==== Material to process ====

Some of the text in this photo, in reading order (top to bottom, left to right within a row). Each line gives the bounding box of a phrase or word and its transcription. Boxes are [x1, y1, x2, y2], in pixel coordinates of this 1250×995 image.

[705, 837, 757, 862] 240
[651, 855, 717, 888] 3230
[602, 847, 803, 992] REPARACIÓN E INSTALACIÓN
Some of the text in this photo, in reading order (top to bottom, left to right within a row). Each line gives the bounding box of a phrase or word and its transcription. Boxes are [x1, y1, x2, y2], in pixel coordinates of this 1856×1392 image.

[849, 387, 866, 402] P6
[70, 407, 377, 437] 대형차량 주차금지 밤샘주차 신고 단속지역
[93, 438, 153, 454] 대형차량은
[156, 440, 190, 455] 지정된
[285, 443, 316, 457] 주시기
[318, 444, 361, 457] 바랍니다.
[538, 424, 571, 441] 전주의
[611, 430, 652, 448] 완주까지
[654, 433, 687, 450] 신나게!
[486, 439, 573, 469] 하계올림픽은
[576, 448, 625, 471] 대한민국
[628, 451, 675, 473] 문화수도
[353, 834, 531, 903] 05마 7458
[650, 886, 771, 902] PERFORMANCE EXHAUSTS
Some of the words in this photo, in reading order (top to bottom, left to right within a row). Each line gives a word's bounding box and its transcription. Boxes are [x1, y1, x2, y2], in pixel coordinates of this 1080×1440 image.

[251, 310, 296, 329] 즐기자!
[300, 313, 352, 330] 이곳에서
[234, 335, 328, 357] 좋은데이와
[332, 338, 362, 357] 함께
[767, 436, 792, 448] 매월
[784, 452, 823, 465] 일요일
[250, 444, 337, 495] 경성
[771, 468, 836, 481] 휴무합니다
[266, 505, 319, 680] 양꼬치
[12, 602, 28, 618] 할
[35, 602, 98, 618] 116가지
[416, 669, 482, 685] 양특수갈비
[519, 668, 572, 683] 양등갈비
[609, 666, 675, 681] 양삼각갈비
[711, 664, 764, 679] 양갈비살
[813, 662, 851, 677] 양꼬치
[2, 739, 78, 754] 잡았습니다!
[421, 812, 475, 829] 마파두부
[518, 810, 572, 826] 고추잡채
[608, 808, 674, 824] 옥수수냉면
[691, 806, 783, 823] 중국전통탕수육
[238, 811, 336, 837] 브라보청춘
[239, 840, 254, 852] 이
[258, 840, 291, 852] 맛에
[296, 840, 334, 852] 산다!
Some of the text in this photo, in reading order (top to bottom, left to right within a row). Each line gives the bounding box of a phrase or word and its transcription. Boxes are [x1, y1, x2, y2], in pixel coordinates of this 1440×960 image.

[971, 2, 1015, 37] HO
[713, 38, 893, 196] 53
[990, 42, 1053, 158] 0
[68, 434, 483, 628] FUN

====

▸ **Exercise requirements**
The full listing above is to be transcribed exactly.

▸ **Answer area**
Some of the text in this photo, in reading order (top to bottom, left to right within a row). Each line gives the bounding box of a phrase or word and its transcription. Boxes are [x1, y1, x2, y2], in pixel coordinates of this 1250×995 image.

[705, 837, 757, 862] 240
[651, 855, 717, 888] 3230
[602, 847, 803, 992] REPARACIÓN E INSTALACIÓN
Some of the text in this photo, in reading order (top to bottom, left to right within a row). Each line gives the bounding box of a phrase or word and its transcription. Boxes are [x1, y1, x2, y2], in pixel coordinates of this 1856×1392 image.

[849, 387, 866, 402] P6
[70, 407, 377, 437] 대형차량 주차금지 밤샘주차 신고 단속지역
[93, 438, 153, 454] 대형차량은
[156, 440, 190, 455] 지정된
[285, 443, 316, 457] 주시기
[318, 444, 361, 457] 바랍니다.
[538, 424, 571, 441] 전주의
[611, 430, 652, 448] 완주까지
[654, 433, 687, 450] 신나게!
[486, 439, 573, 469] 하계올림픽은
[576, 448, 625, 471] 대한민국
[628, 451, 675, 473] 문화수도
[353, 834, 531, 903] 05마 7458
[650, 886, 771, 902] PERFORMANCE EXHAUSTS
Some of the words in this photo, in reading order (top to bottom, left to right within a row). Each line gives a word's bounding box and its transcription. Boxes are [x1, y1, x2, y2], in pixel coordinates of this 1080×1440 image.

[251, 310, 296, 329] 즐기자!
[300, 313, 352, 330] 이곳에서
[234, 335, 328, 357] 좋은데이와
[332, 338, 362, 357] 함께
[767, 436, 792, 448] 매월
[784, 452, 823, 465] 일요일
[250, 444, 337, 495] 경성
[771, 468, 836, 481] 휴무합니다
[266, 505, 319, 680] 양꼬치
[12, 602, 28, 618] 할
[35, 602, 98, 618] 116가지
[416, 669, 482, 685] 양특수갈비
[519, 668, 572, 683] 양등갈비
[609, 666, 675, 681] 양삼각갈비
[711, 664, 764, 679] 양갈비살
[813, 662, 851, 677] 양꼬치
[2, 739, 78, 754] 잡았습니다!
[421, 812, 475, 829] 마파두부
[518, 810, 572, 826] 고추잡채
[608, 808, 674, 824] 옥수수냉면
[691, 806, 783, 823] 중국전통탕수육
[238, 811, 336, 837] 브라보청춘
[239, 840, 254, 852] 이
[258, 840, 291, 852] 맛에
[296, 840, 334, 852] 산다!
Some of the text in this photo, in reading order (top to bottom, left to right within a row). Each line gives the bounding box of a phrase or word and its transcription. Boxes are [x1, y1, x2, y2], in pixel coordinates of this 1440×960 image.

[971, 2, 1015, 37] HO
[713, 38, 893, 196] 53
[990, 42, 1053, 158] 0
[68, 434, 483, 628] FUN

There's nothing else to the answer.